Grace – A Tribute to My Father

A memorial tribute given by Murray Owen on the death of his father, Ken Owen in June of 2005 at Southgate Alliance Church, Edmonton, Alberta. Ken was not a Christian in the way Evangelicals would define salvation, but Ken was saved by God in the way so many of us are, by Grace. The tribute speaks to Ken’s life and how the Biblical scriptures define salvation by Grace.

“It’s risky business for me to be up here knowing that this will be difficult to do in front of all of you. I know I will have a few hard moments, and I know you will bear with me. It’s why I wrote it out. Several months ago, I began having a feeling that I needed to be preparing to say something about my Dad at his funeral. I didn’t know why this was happening at the time, but today I know why. I’ve assured the rest of the family that I’m not having any premonitions about anyone else!

So where do I begin. It’s said that a tree is best measured when it is down. If you picture it for a moment, it is so true. Measuring a standing tree is difficult, especially when the tree is tall. But, when on the ground, it is easily measured. It’s true of our lives, and today, for my Dad. All this may be a bit too noble for Dad if he were here today, but here goes.

There are many measurements of my Father’s life. He was a husband, a father to me, to my sister, Patrica, and my brother, Darrell. When we married, he welcomed into the family our spouses, Valerie, Merlin, and my wife Linda too. And, he was best at being a Grandpa to our children, his grandchildren, Jacqueline, Mathew, Josh, Jordan and Angeline; Aaron, Christopher, Kara and Mathew; and Garrett and Erica. All were special and he took the time to be with each one.
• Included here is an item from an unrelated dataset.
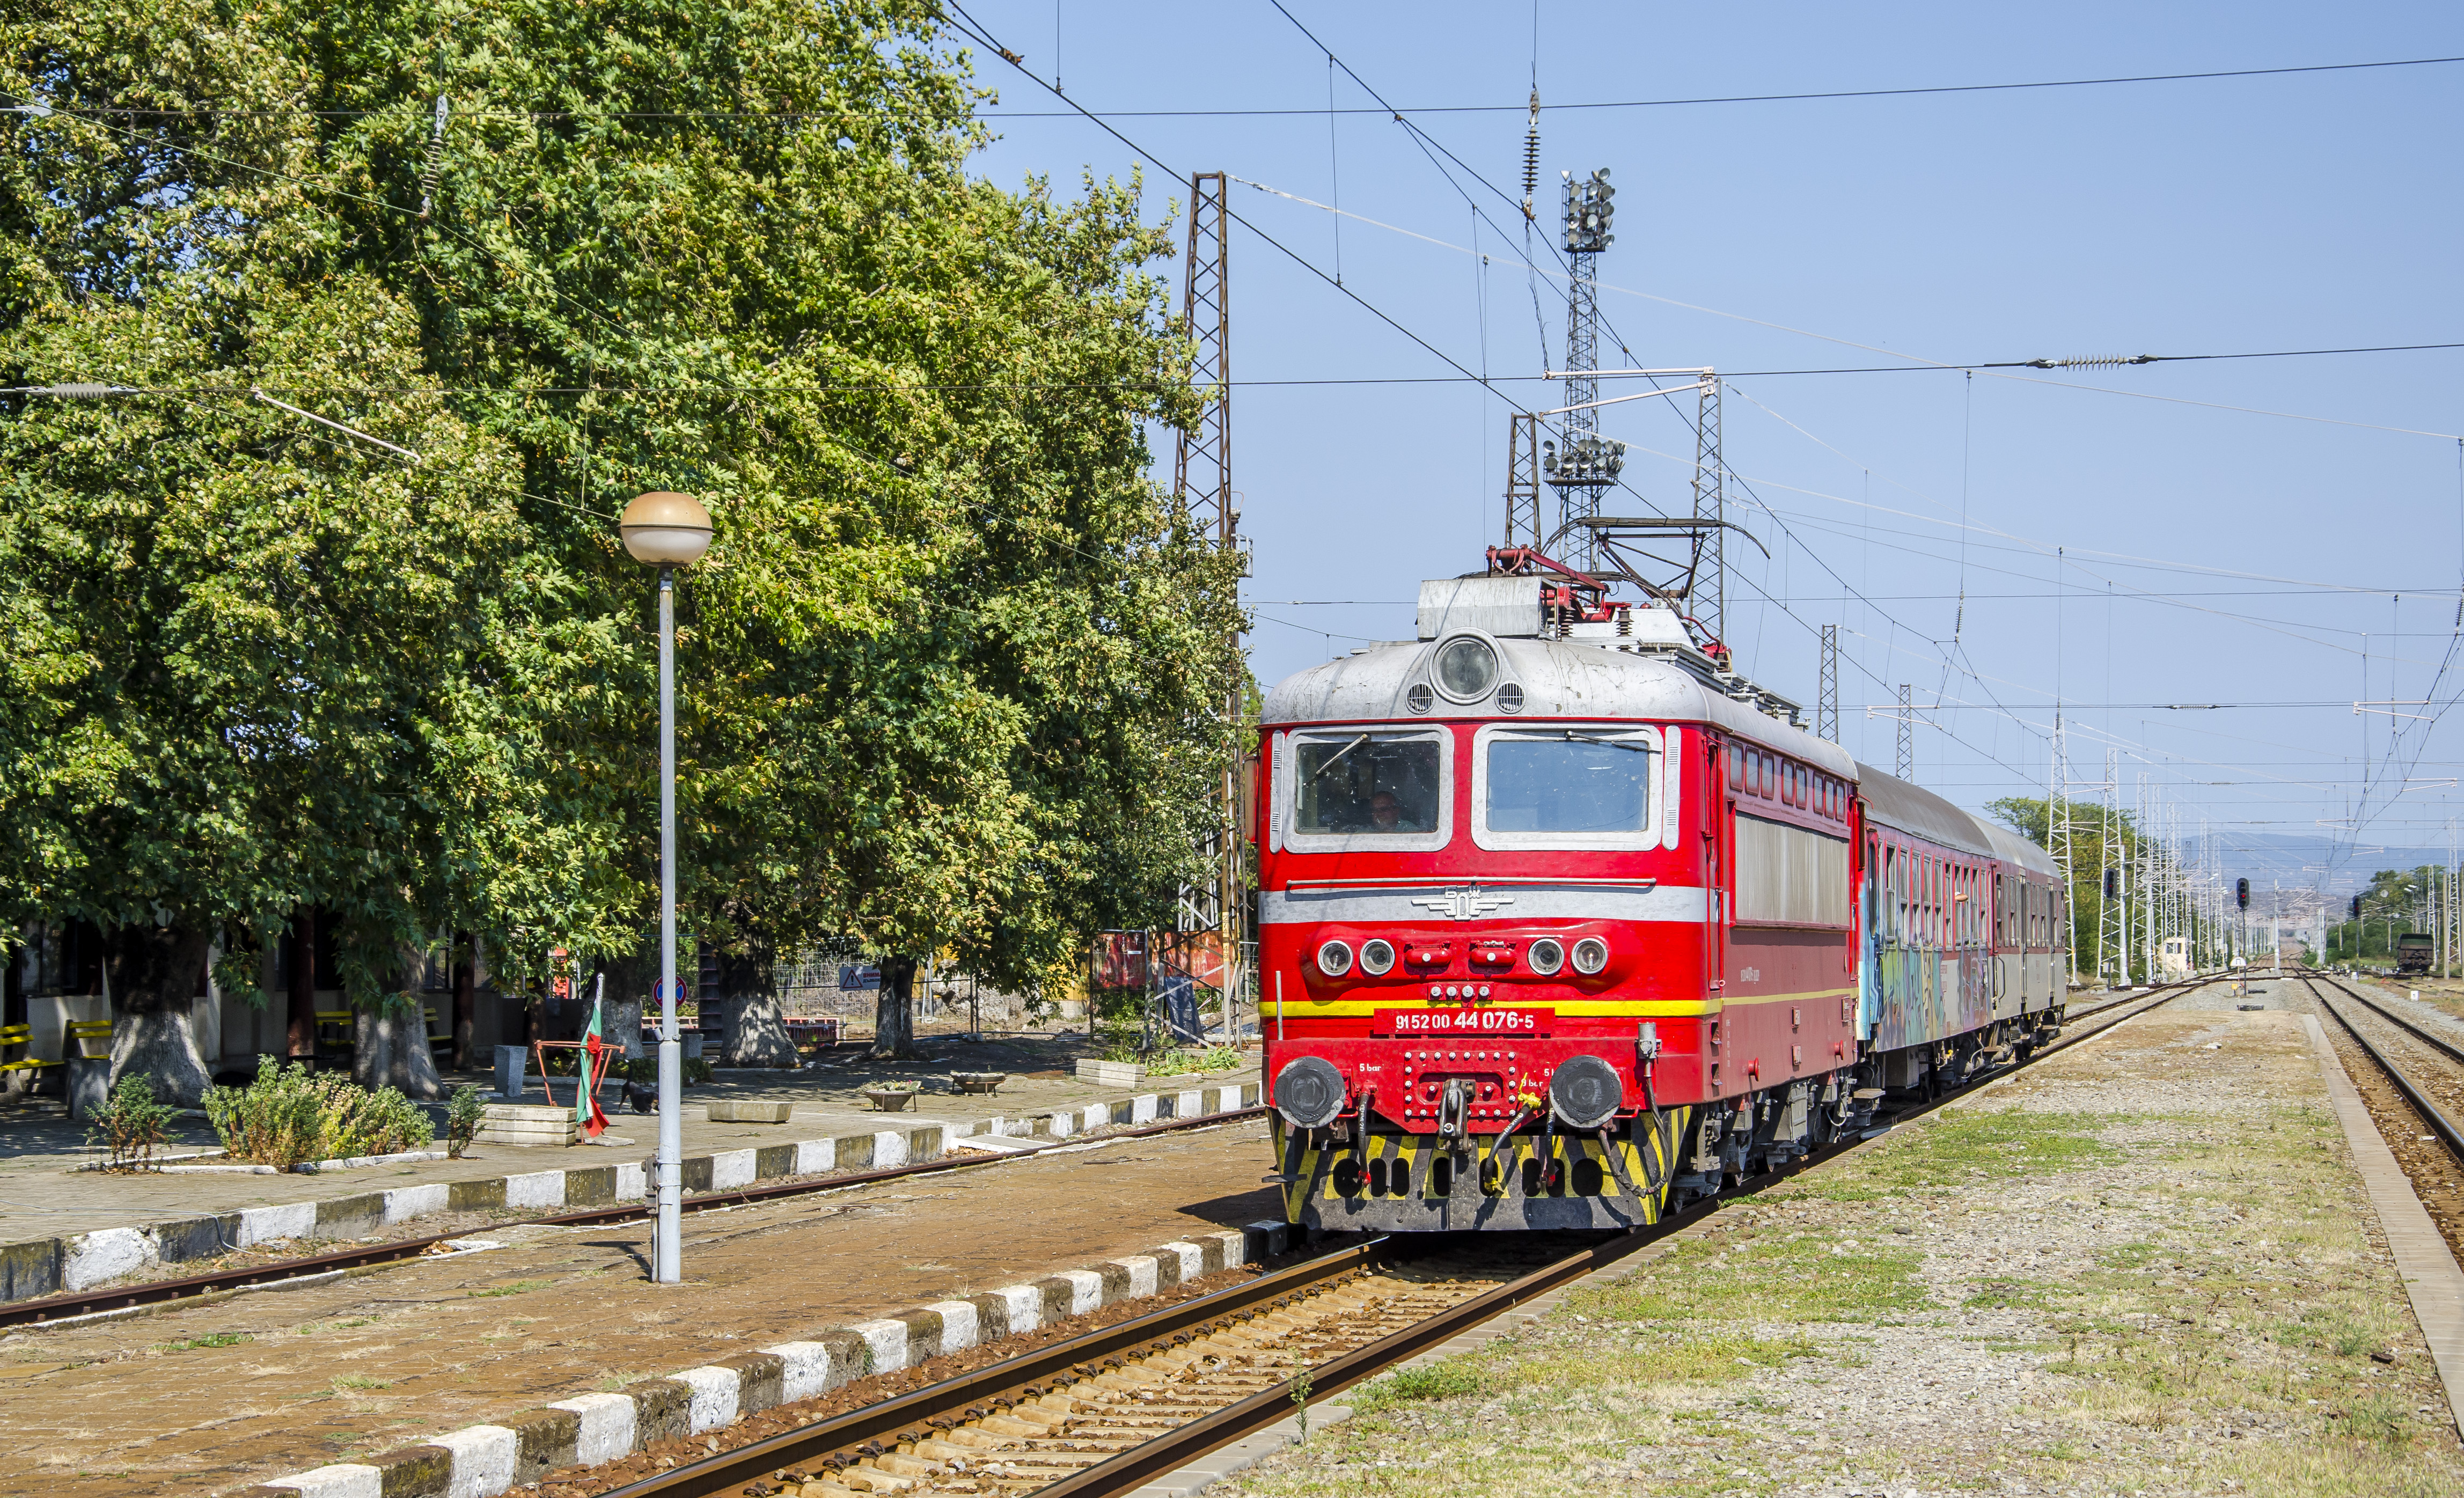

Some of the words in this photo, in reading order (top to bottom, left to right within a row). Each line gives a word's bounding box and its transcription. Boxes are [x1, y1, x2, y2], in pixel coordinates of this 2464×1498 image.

[1454, 1011, 1478, 1029] 44
[1360, 1063, 1365, 1071] 5
[1367, 1063, 1381, 1071] bar
[1544, 1068, 1550, 1076] 5
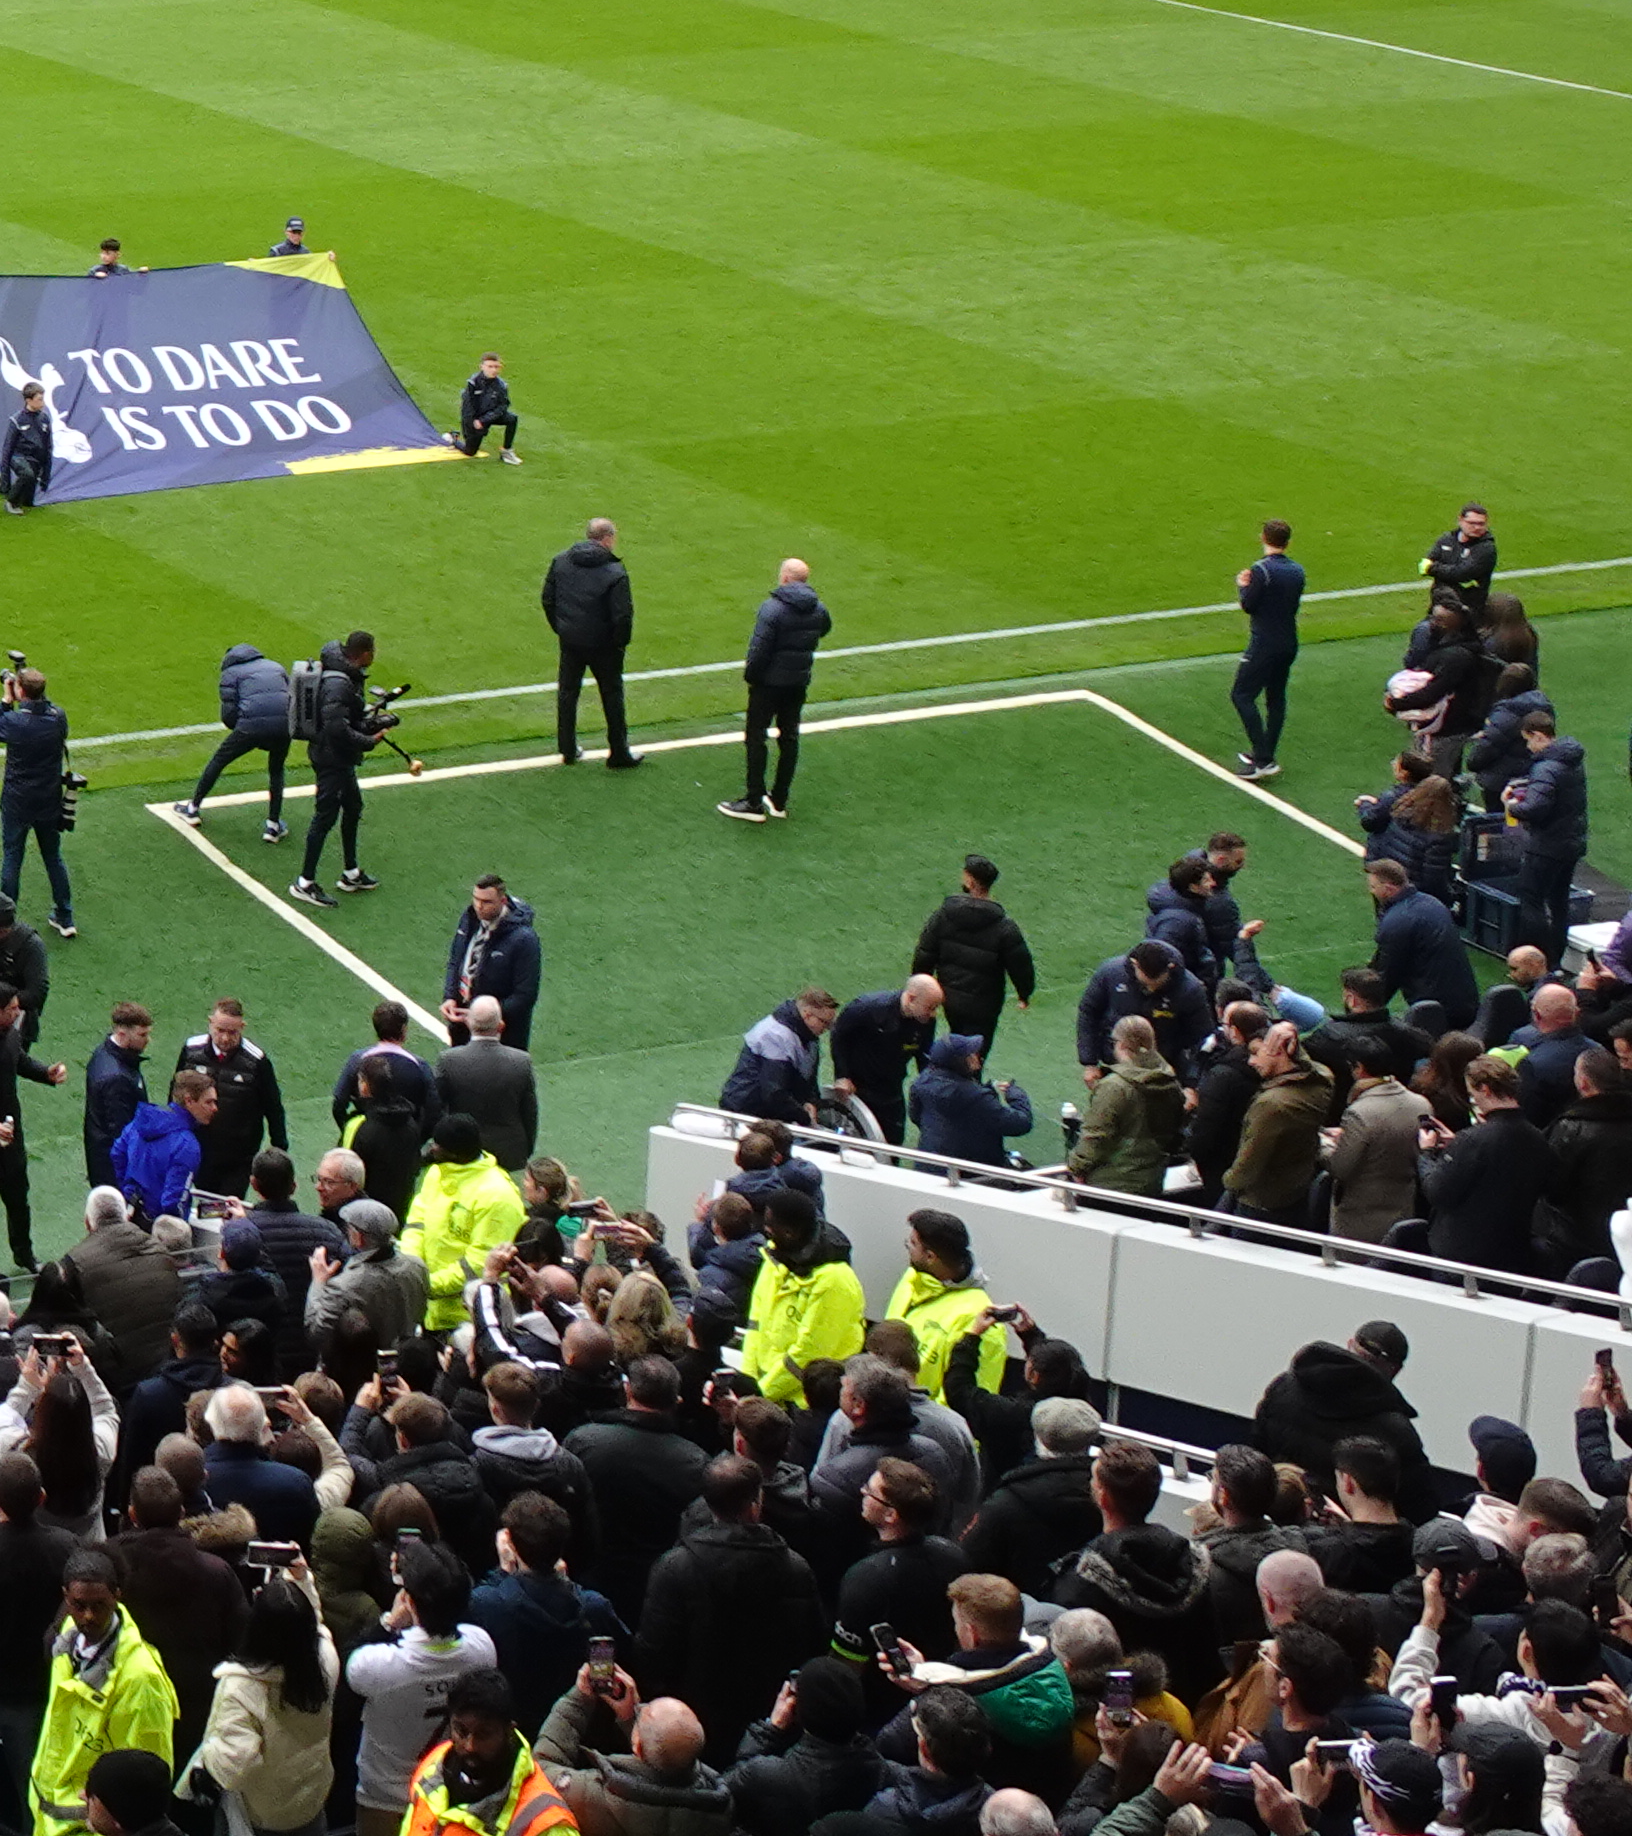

Also, he was a neighbor to those around in every way that it means to be a good neighbor. He was a neighbor to strangers, even to those that were against him. My Dad was never vengeful, but he was firm about doing the right thing. Those of us that knew him witness some, if not all of these traits. His heart was good.

There’s a small portion of the Lord’s Prayer that I’d like to focus on while remembering my Dad. It’s found in the gospel of Matthew chapter 6. Many of us will remember in the old English translation of “Forgive our sins (trespass) as we forgive those that sin (trespass) against us” or to put is more accurately in today’s English, “Forgive us our debts, as we forgives those that are indebted to us.” This prayer has become especially meaningful to me over the years. I attend theological school and studied philosophy, seven years worth of study. Even though my career has been in the technology business, I’ve always remained a student of the historical books we call the bible and the trends that shape our world today. While I was in theological school, Dad said to me that, “You’ll have to work there too.” I don’t know what exactly he meant, but I think it was a father’s concern that his son was looking for an easy job!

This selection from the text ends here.